Il se dit pourtant « persuadé » qu’il demeure possible de protéger et assurer la santé des travailleurs dans un bureau, « notamment avec un pourcentage de vaccination élevé et toutes les mesures prises par les entreprises, dont certaines vont même plus loin que ce qui est déjà prescrit ». « Les entrepreneurs sont fatigués du yo-yo », glisse aussi M. Vincent, qui rappelle que 64 % des PME ne peuvent tout simplement pas mettre en place le télétravail, vu leur modèle d’affaires.

À la Chambre de commerce du Montréal métropolitain (CCMM) le président Michel Leblanc n’a pas non plus caché sa déception du retour au télétravail.

Beaucoup d’entreprises ont pris des décisions quant au retour qui s’est amorcé et dans bien des cas, c’était à compter du 10 janvier. Il va falloir voir ce que cela implique pour les plans de retour.

Michel Leblanc, président de la Chambre de commerce du Montréal métropolitain, en mêlée de presse, mardi

M. Leblanc demande que les mesures d’aide déployées par le fédéral demeurent en place.
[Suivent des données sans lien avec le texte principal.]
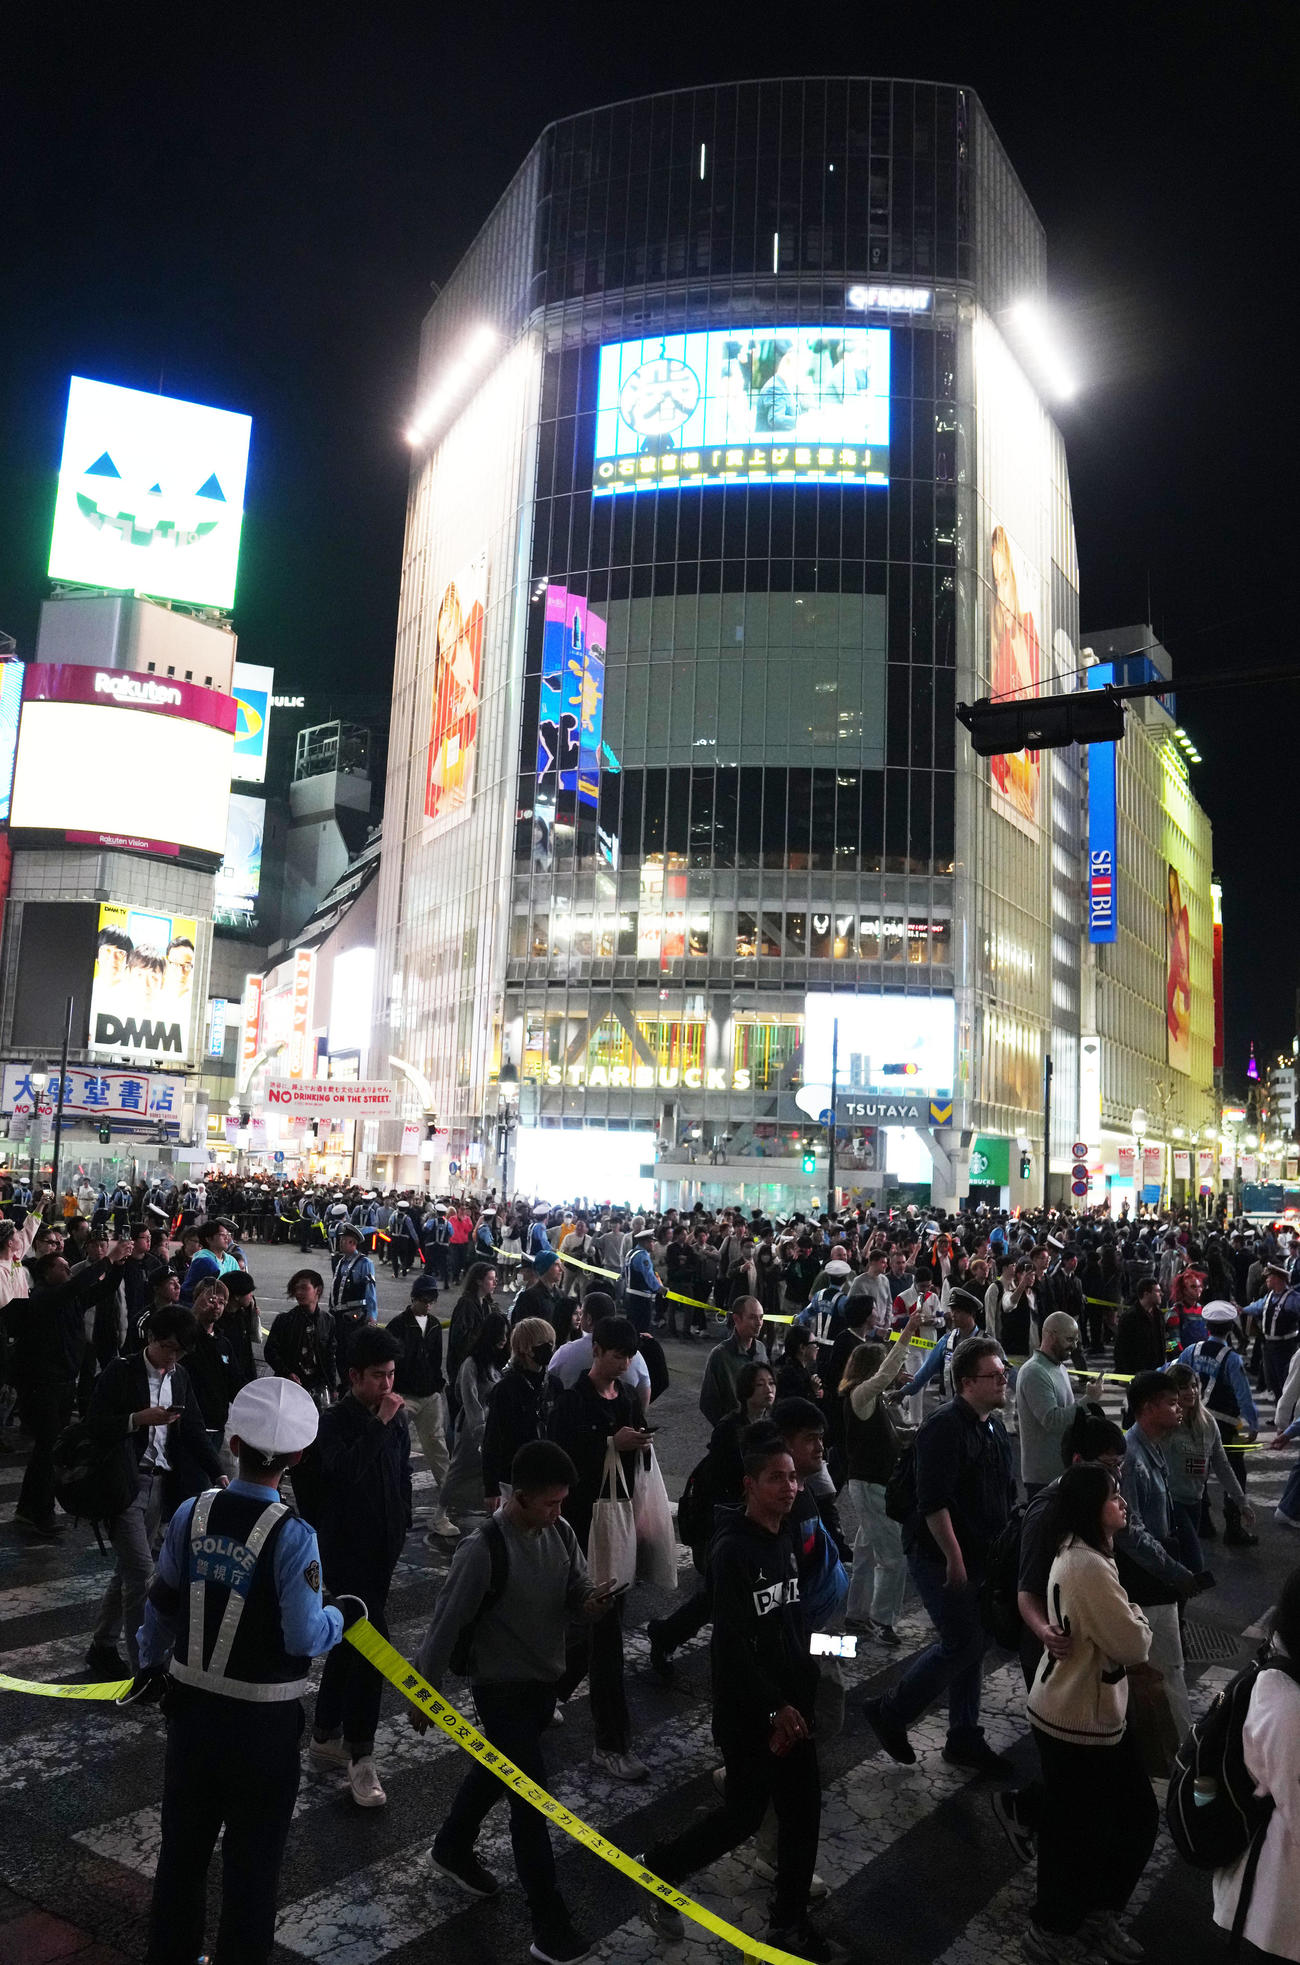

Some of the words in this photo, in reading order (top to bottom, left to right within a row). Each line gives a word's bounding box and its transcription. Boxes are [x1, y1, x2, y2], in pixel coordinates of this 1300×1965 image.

[94, 673, 182, 705] Rakuten
[99, 835, 128, 846] Rakuten
[128, 838, 149, 848] Vision
[1091, 850, 1112, 928] SEIBU
[95, 1013, 182, 1053] DMM
[547, 1065, 751, 1090] STARBUCKS
[13, 1074, 175, 1112] 大盛堂書店
[268, 1089, 292, 1104] NO
[294, 1092, 331, 1103] DRINKING
[333, 1094, 345, 1103] ON
[348, 1095, 362, 1104] THE
[14, 1104, 30, 1114] NO
[38, 1106, 53, 1116] NO
[226, 1116, 240, 1125] NO
[846, 1103, 919, 1118] TSUTAYA
[191, 1537, 256, 1572] POLICE
[196, 1559, 249, 1586] 警視庁
[401, 1674, 621, 1860] 警察官の交通整理にご協力下さい
[638, 1871, 690, 1908] 警視庁
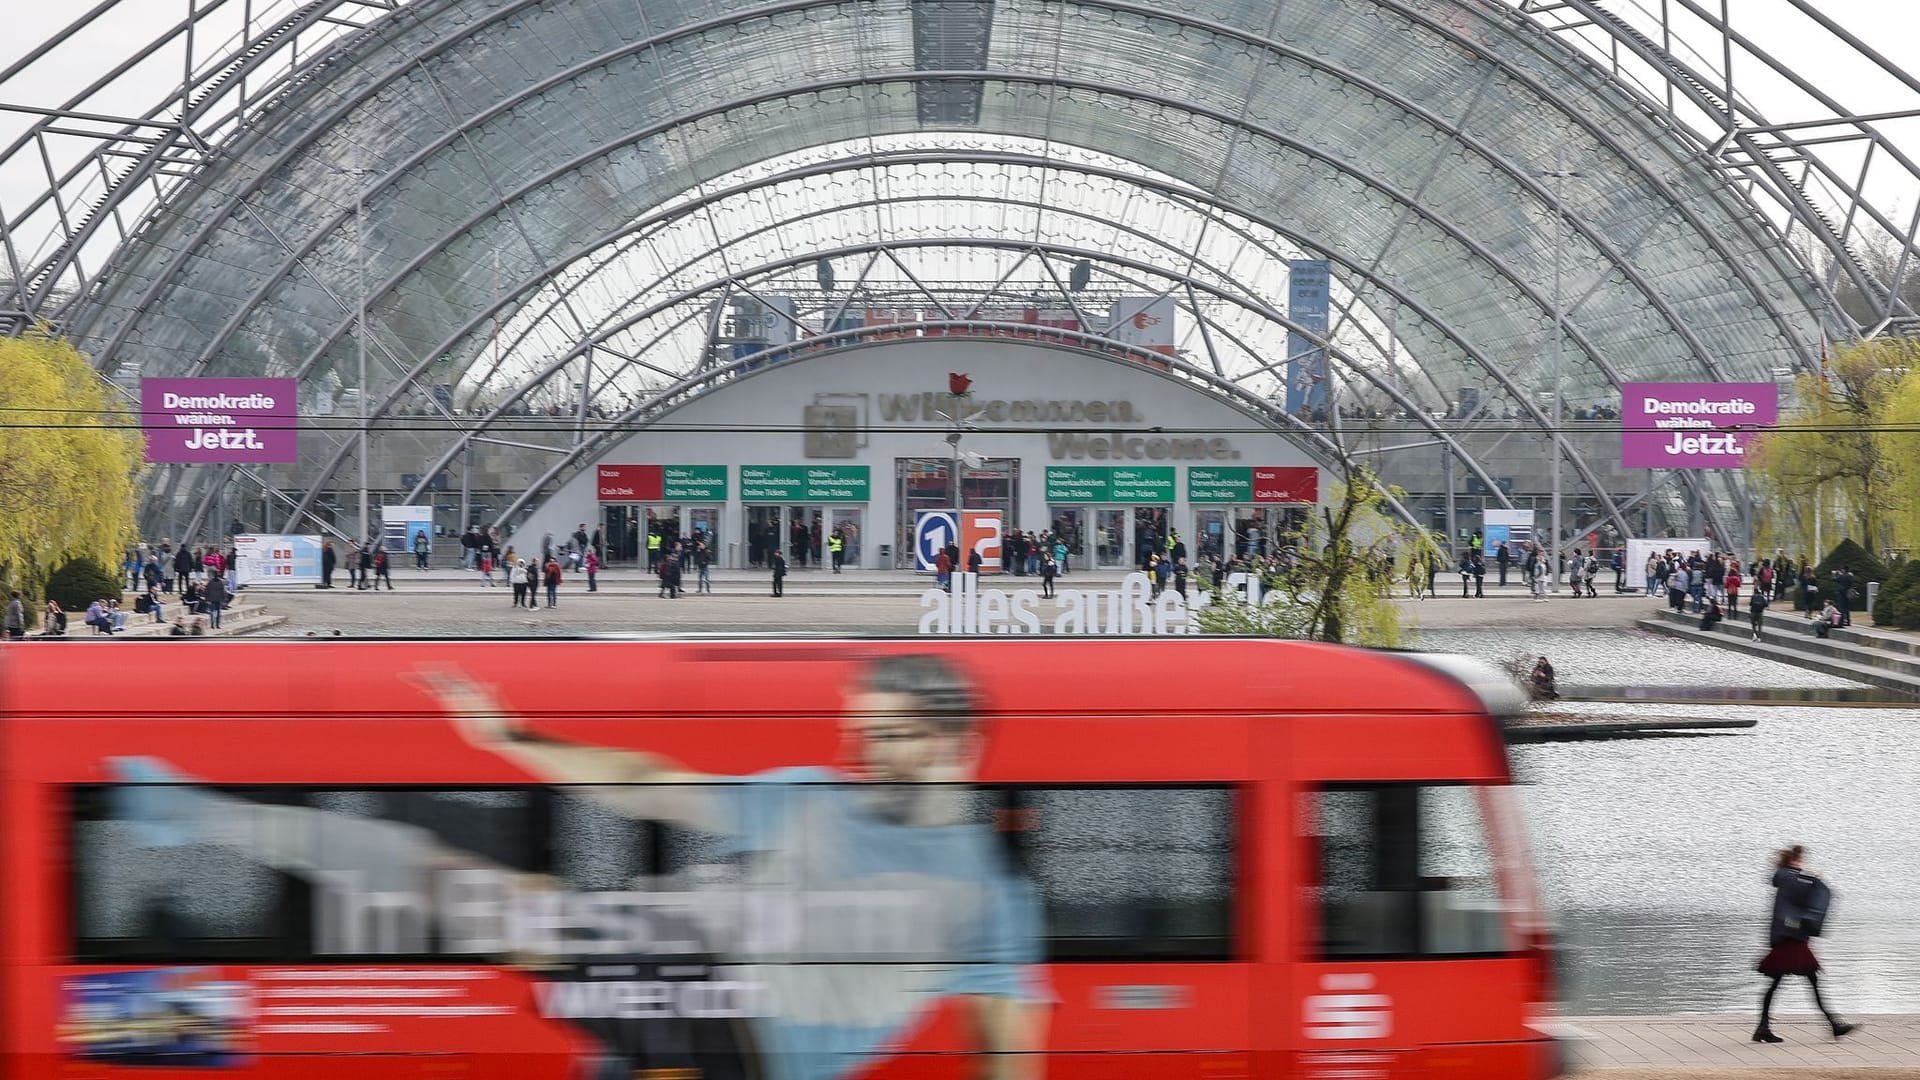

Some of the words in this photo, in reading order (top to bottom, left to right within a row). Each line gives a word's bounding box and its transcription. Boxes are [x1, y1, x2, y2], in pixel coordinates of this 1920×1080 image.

[163, 393, 276, 409] Demokratie
[1643, 397, 1756, 414] Demokratie
[174, 411, 237, 425] wählen.
[184, 429, 265, 450] Jetzt.
[1047, 431, 1242, 461] Welcome.
[1664, 432, 1744, 455] Jetzt.
[918, 571, 1041, 634] alles
Il demande également à Ottawa d’imiter Québec avec une « stratégie centre-ville ». Il s’inquiète surtout pour les commerçants et les restaurateurs de la métropole, puisque leurs revenus dépendent beaucoup de la présence des travailleurs au centre-ville.
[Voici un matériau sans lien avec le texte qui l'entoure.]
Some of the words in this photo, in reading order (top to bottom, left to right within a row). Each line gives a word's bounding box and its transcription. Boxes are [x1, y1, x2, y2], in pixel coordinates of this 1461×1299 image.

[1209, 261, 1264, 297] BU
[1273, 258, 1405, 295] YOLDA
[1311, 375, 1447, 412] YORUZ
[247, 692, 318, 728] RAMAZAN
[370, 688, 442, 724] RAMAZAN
« Ce sont les commerces qui sont au bout de leurs liquidités et dans bien de cas, qui se sont dit qu’après la période des Fêtes, ça devrait mieux aller. Si on leur dit que nous ne sommes plus certains, ça va faire en sorte que beaucoup de ces entreprises dans les centres-villes risquent de jeter l’éponge », illustre-t-il.

Des facteurs facilitants

Glenn Castanheira, directeur général de la Société de développement commercial (SDC) Montréal centre-ville, veut toutefois voir le « verre à moitié plein ». « C’est dommage, mais on comprend pourquoi la décision a été prise. Et comme on est à une semaine de Noël, on s’attendait déjà à une baisse de l’achalandage. La bonne nouvelle pour les commerces, c’est que ça coïncide avec les Fêtes et que les boutiques restent ouvertes », dit-il.
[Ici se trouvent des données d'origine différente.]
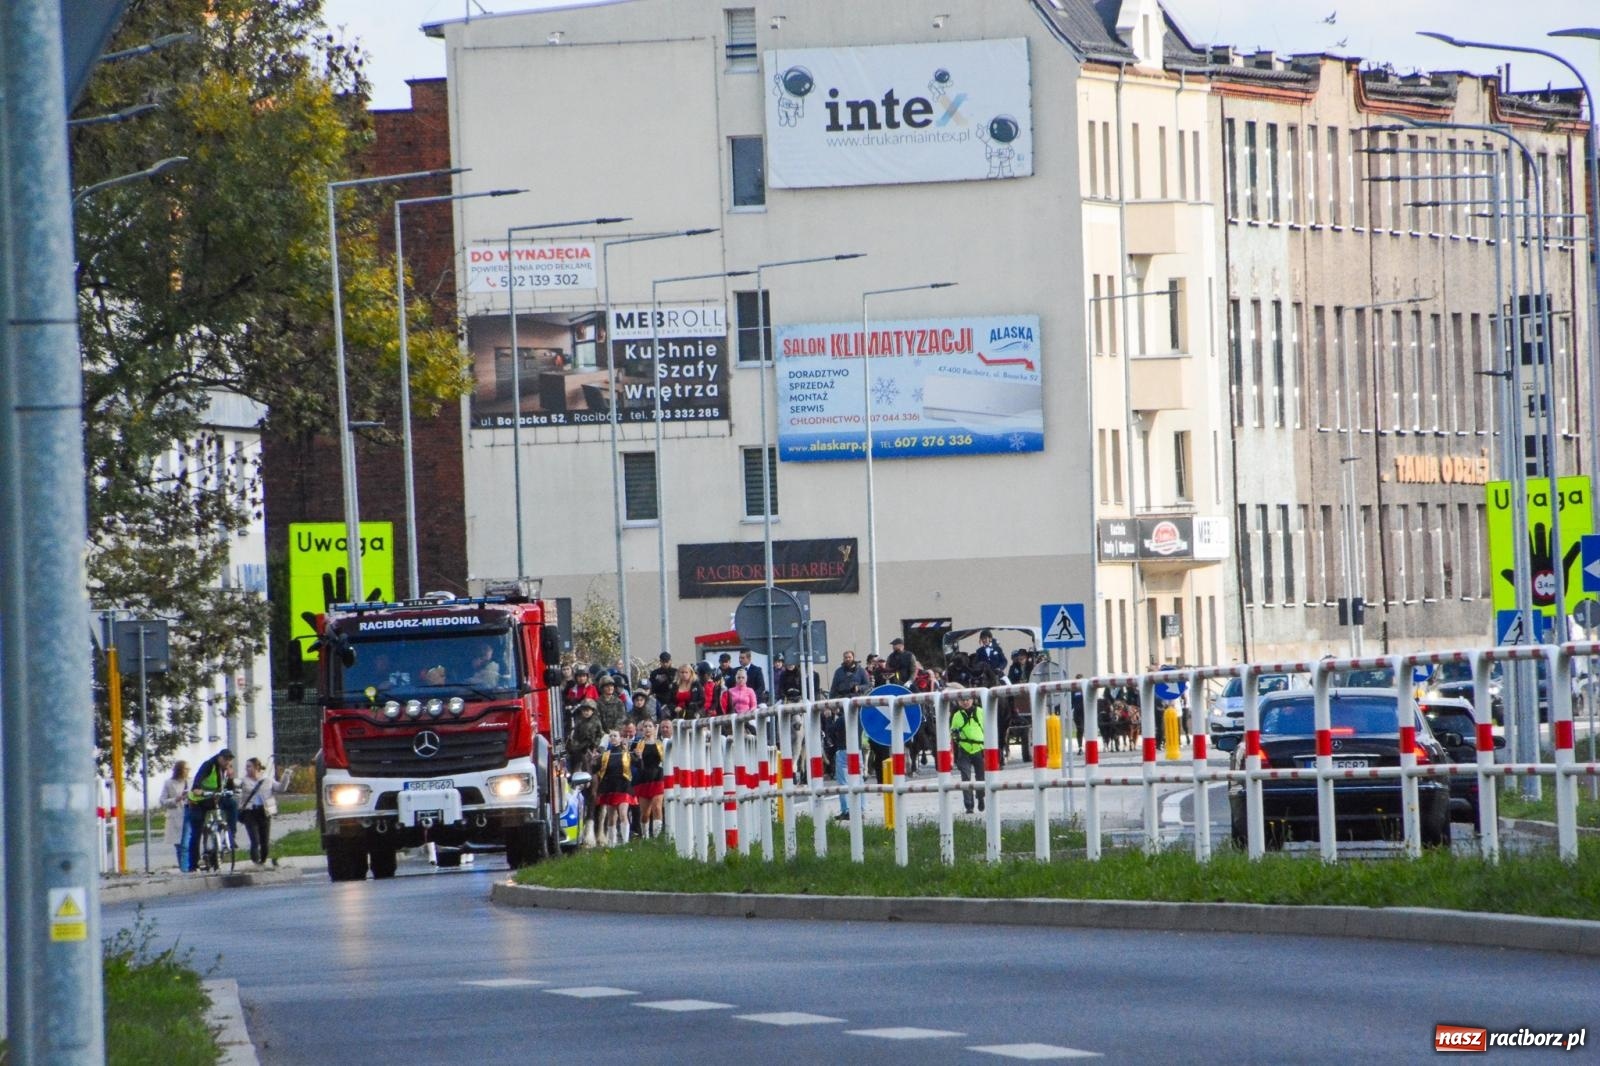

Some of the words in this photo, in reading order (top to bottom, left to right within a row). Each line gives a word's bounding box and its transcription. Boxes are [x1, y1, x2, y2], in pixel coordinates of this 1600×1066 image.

Si toutefois le télétravail se poursuivait après le temps des Fêtes, « ça deviendrait vite inquiétant », prédit M. Castanheira, qui rappelle que Montréal était parvenu à ramener près de 50 % des travailleurs au centre-ville, malgré les mesures en place. « On performait très bien », souligne-t-il.

Le président et chef du Conseil du patronat du Québec, Karl Blackburn, appelle quant à lui les autorités à rendre les tests rapides disponibles dans les entreprises « dès que possible ». « La venue en pharmacie était plus que nécessaire, mais maintenant, si on est capables de les avoir directement dans le milieu des affaires, ce sera souhaité. »

[L’arrivée des tests rapides] C’est une des clés pour nous permettre de briser la chaîne qui nous force à ramener le télétravail chaque fois qu’il y a une hausse des cas ou un nouveau variant.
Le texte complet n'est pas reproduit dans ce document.